I am currently studying the supercoiling of DNA. I understand why overwinding would create additional strain for two attached strands of DNA, but I really don't get why underwinding would create strain and thus supercoiling. If anything it seems that the strands would just separate and strain would be relieved from any DNA helix. If someone would care to explain, that would be great!
The double helical structure of DNA with ~10.5 bp/turn is thermodynamically favorable. Any perturbation from this results in strain. Thus, if DNA is under wound, it is favourable for it to adopt a negative supercoil to return to ~10.5 bp/turn.
That said, negative supercoiling and DNA melting are in fact in some kind of equilibrium. This is important for processes such as transcription and replication which require ssDNA.
Good question! I didn't know the answer either, but I think I have a good idea after thinking of DNA as a normal rope.
This answer helped me put it into perspective: https://physics.stackexchange.com/questions/30871/what-prevents-a-natural-fibers-rope-from-untwisting-when-it-is-elongated
As well as the video linked to in this answer: What is positive and negative supercoiling?

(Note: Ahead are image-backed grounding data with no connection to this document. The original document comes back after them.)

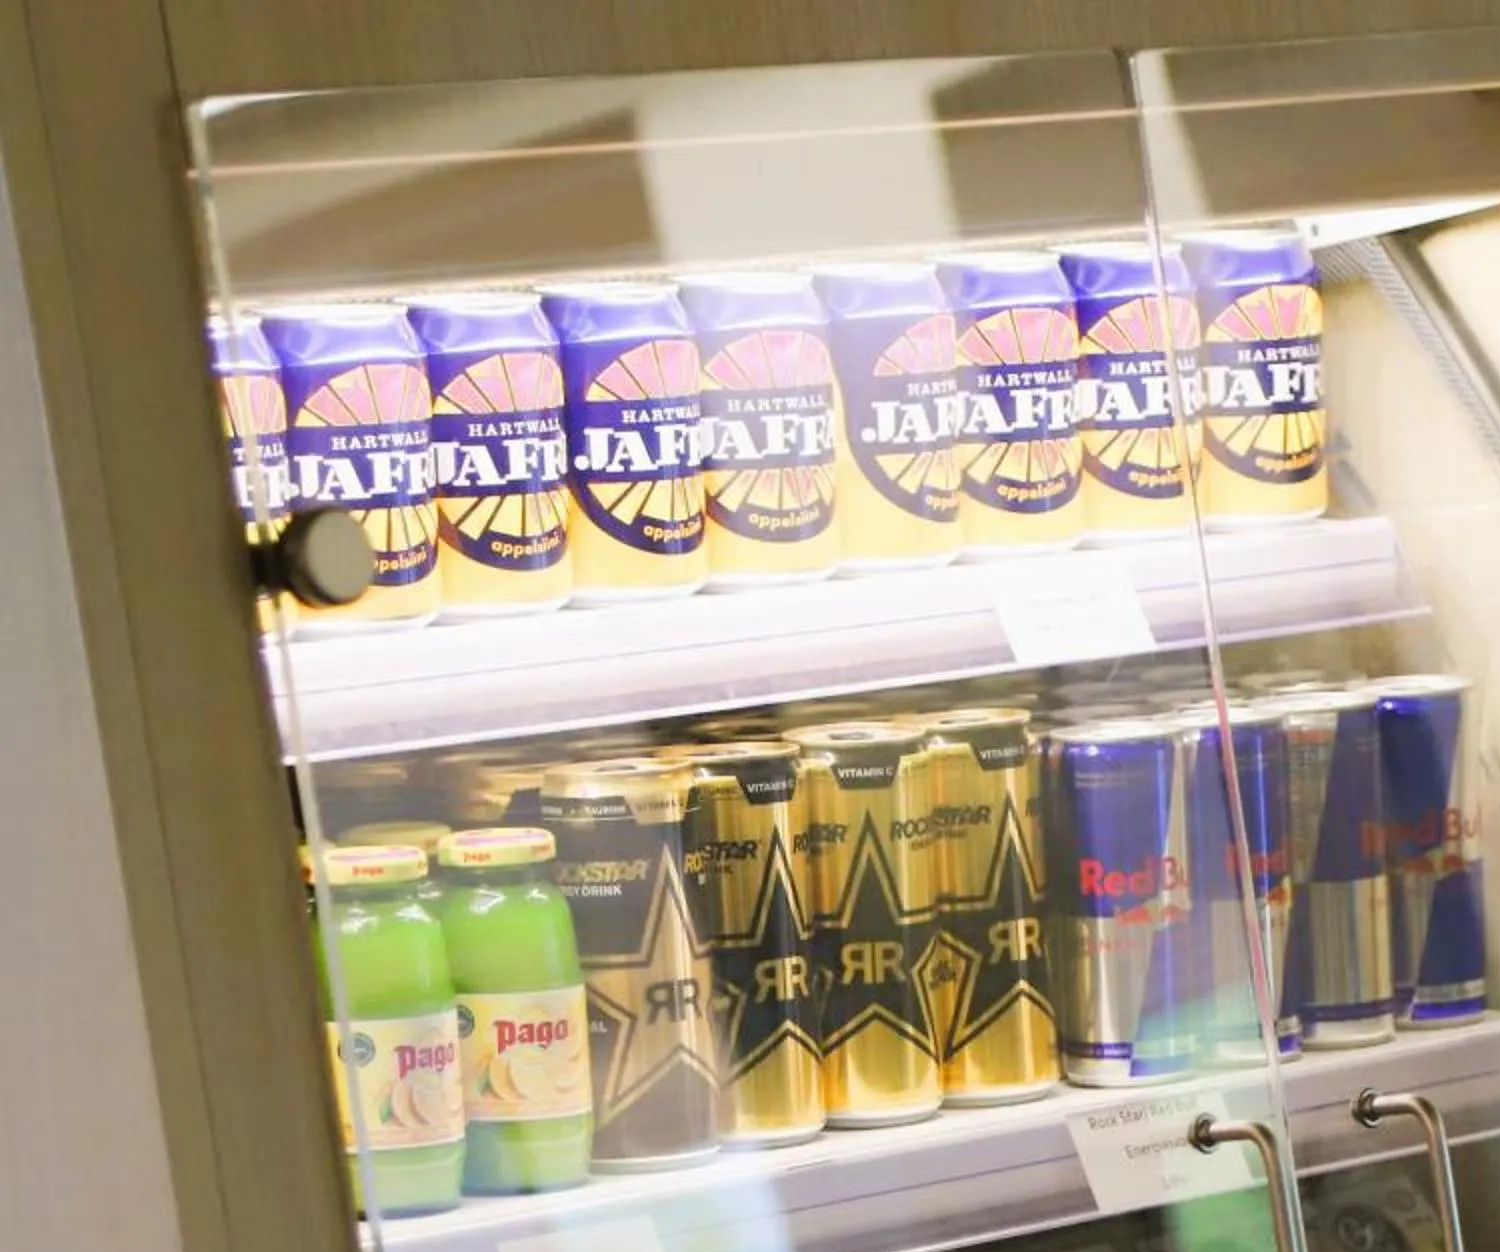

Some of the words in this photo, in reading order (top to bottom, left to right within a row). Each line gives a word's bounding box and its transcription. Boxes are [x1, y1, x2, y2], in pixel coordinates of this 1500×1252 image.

[976, 369, 1074, 388] HARTWALL
[621, 404, 700, 424] HARTWAL
[468, 417, 562, 437] HARTWALL
[837, 766, 885, 779] VITAMIN
[1079, 852, 1157, 897] Red

Basically, imagine you have two long strings, then you twist them around each other (DNA helix structure), each twist is called a coil.

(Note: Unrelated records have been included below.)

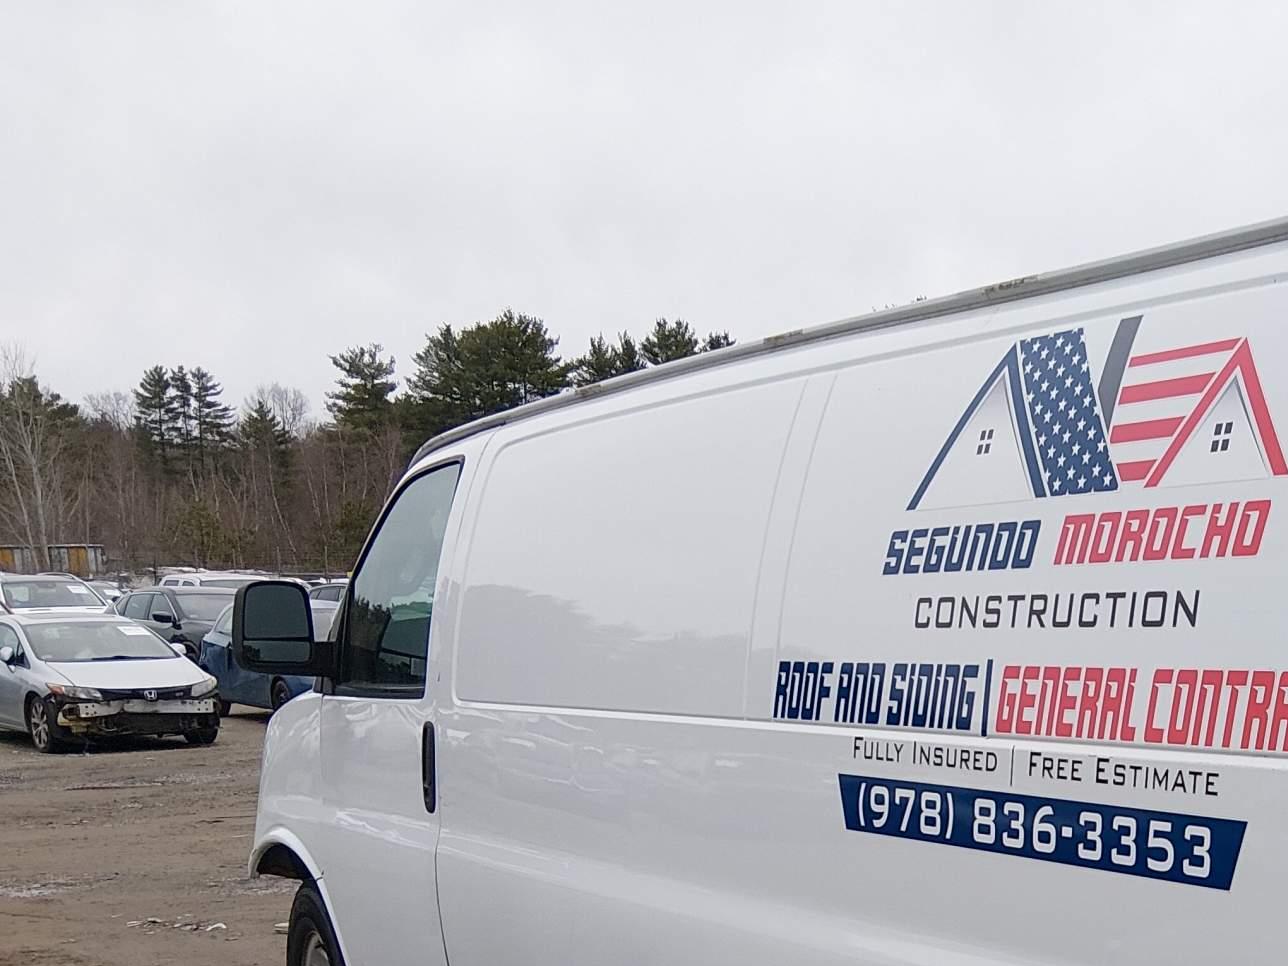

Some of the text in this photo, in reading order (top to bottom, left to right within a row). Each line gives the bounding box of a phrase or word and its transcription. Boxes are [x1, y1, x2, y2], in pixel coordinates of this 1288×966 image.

[882, 499, 1272, 575] SEGUNDO MOROCHO
[914, 590, 1201, 629] CONSTRUCTION
[773, 660, 834, 721] ROOF
[834, 660, 887, 726] AND
[885, 662, 980, 731] SIDING
[995, 664, 1138, 742] GENERAL
[857, 780, 1213, 879] (978) 836-3353

Now tie each end to opposing hooks (imagine the hooks located on each side of a doorframe at equal height) without allowing your two strings to untwist.
Once your double stranded rope is secure (the hooks it's tied to represent a point opposite the unwinding site on the circular DNA), pull the two intwined strings further and further apart from each other at the middle of the rope. (This is what underwinding does)
Because each end is secured, it can't untwist, so it supercoils. By pulling the strings apart in the middle, you didn't untwist the coils, you just pushed them closer together, squishing them 'tighter' (stressed) on each side.